* WORK ITEM *
Without carrying over a single picture, write out the records below exactly.

--- TASK INPUT Enclosed Below ---

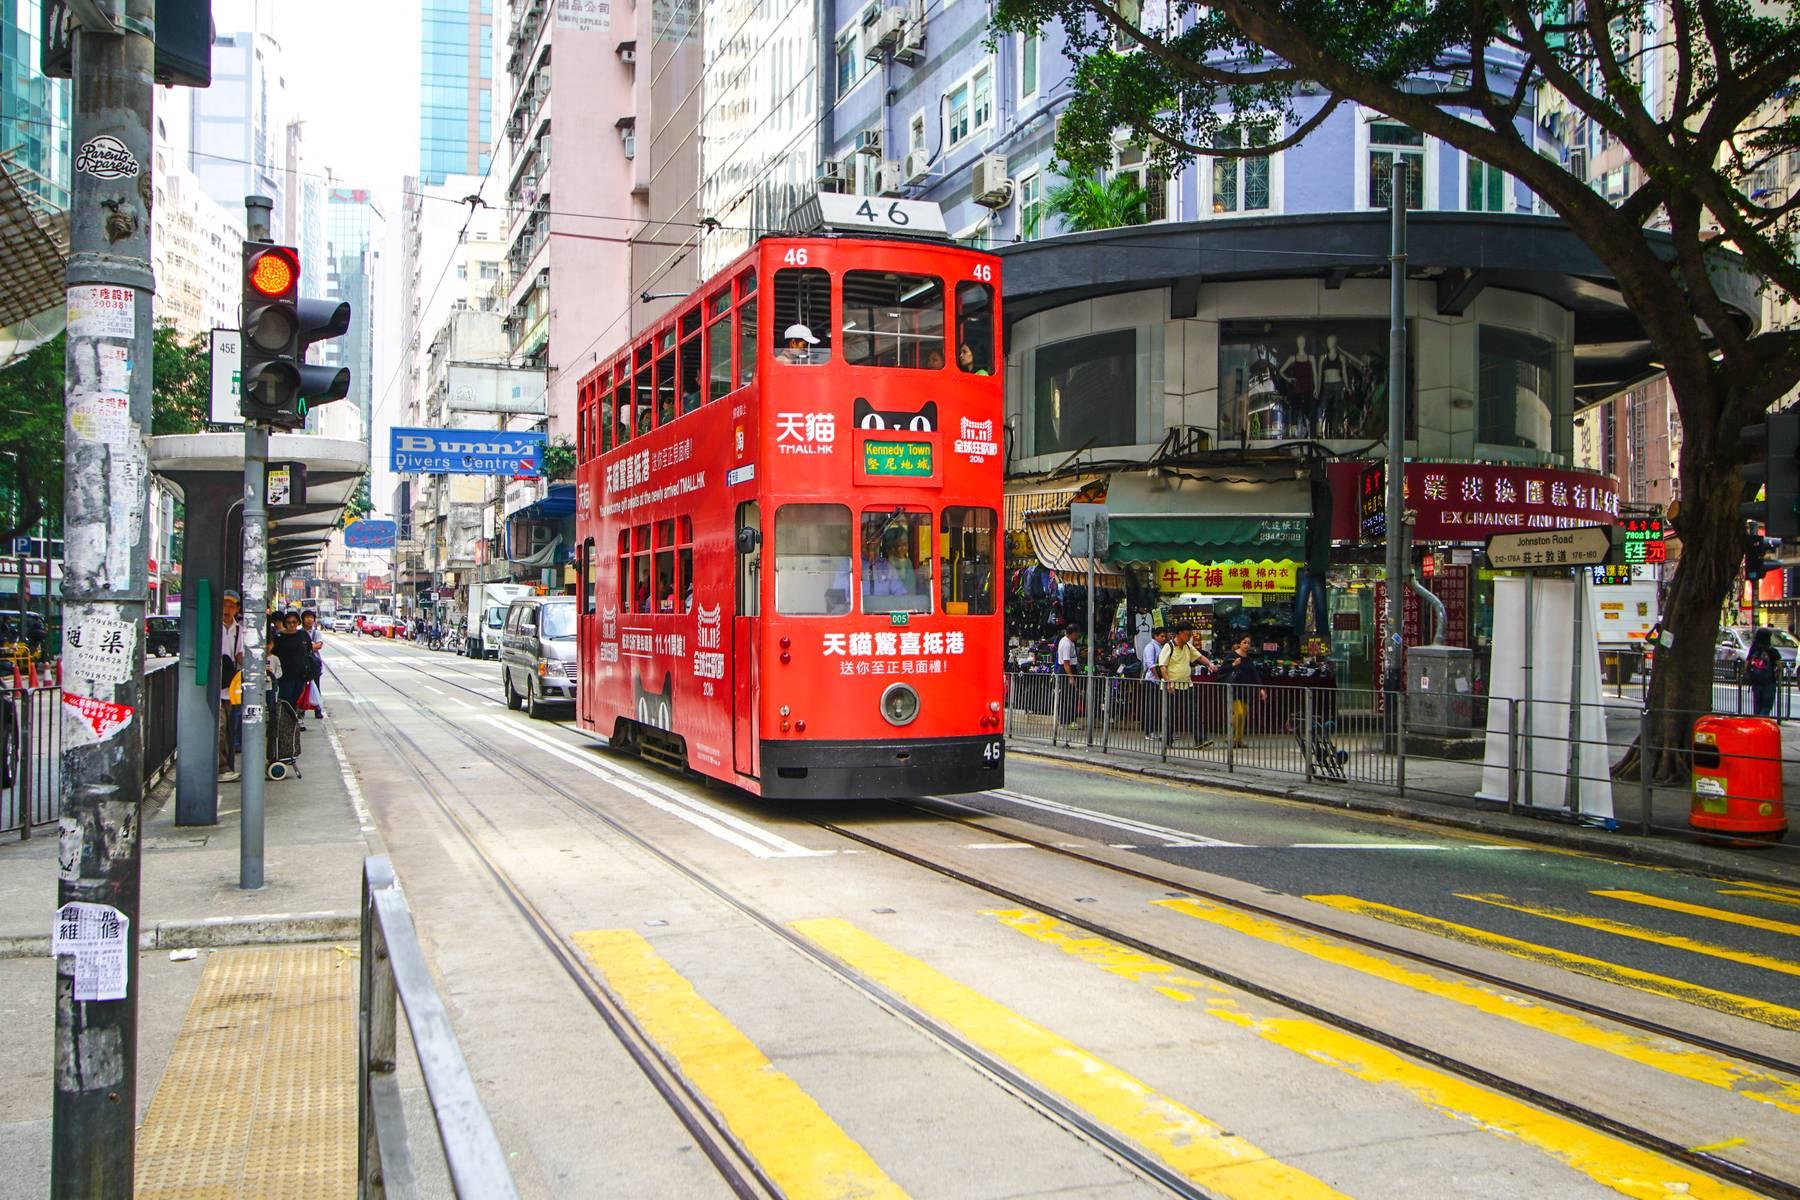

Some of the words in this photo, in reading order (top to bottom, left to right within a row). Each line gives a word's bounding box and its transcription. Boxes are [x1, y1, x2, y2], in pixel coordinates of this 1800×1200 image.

[89, 160, 138, 176] parents
[856, 199, 909, 226] 46
[784, 248, 808, 265] 46
[973, 264, 991, 281] 46
[220, 343, 236, 354] 45E
[776, 413, 835, 442] 天貓
[396, 436, 534, 456] Bunn's
[778, 445, 833, 454] TMALL.HK
[866, 443, 905, 457] Kennedy
[907, 443, 931, 456] Town
[396, 454, 450, 468] Divers
[461, 456, 519, 469] Centre
[969, 455, 984, 464] 2016
[664, 480, 679, 499] arrived
[680, 471, 705, 494] TMALL.HK
[1441, 511, 1525, 526] EXCHANGE
[1528, 514, 1552, 528] AND
[17, 538, 28, 551] P
[1517, 535, 1550, 547] Johnston
[1552, 534, 1574, 544] Road
[1163, 567, 1223, 588] 牛仔褲
[892, 614, 906, 624] 005
[823, 631, 965, 655] 天貓驚喜抵港
[79, 653, 121, 665] 67918528
[840, 660, 947, 675] 送你至正見面禮!
[75, 670, 118, 681] 67918528
[984, 742, 1001, 760] 46

--- End of Enclosed TASK INPUT ---

* ANSWER FOR THE TASK *
Some of the words in this photo, in reading order (top to bottom, left to right within a row). Each line gives a word's bounding box and its transcription. Boxes are [x1, y1, x2, y2], in pixel coordinates of this 1800×1200 image.

[89, 160, 138, 176] parents
[856, 199, 909, 226] 46
[784, 248, 808, 265] 46
[973, 264, 991, 281] 46
[220, 343, 236, 354] 45E
[776, 413, 835, 442] 天貓
[396, 436, 534, 456] Bunn's
[778, 445, 833, 454] TMALL.HK
[866, 443, 905, 457] Kennedy
[907, 443, 931, 456] Town
[396, 454, 450, 468] Divers
[461, 456, 519, 469] Centre
[969, 455, 984, 464] 2016
[664, 480, 679, 499] arrived
[680, 471, 705, 494] TMALL.HK
[1441, 511, 1525, 526] EXCHANGE
[1528, 514, 1552, 528] AND
[17, 538, 28, 551] P
[1517, 535, 1550, 547] Johnston
[1552, 534, 1574, 544] Road
[1163, 567, 1223, 588] 牛仔褲
[892, 614, 906, 624] 005
[823, 631, 965, 655] 天貓驚喜抵港
[79, 653, 121, 665] 67918528
[840, 660, 947, 675] 送你至正見面禮!
[75, 670, 118, 681] 67918528
[984, 742, 1001, 760] 46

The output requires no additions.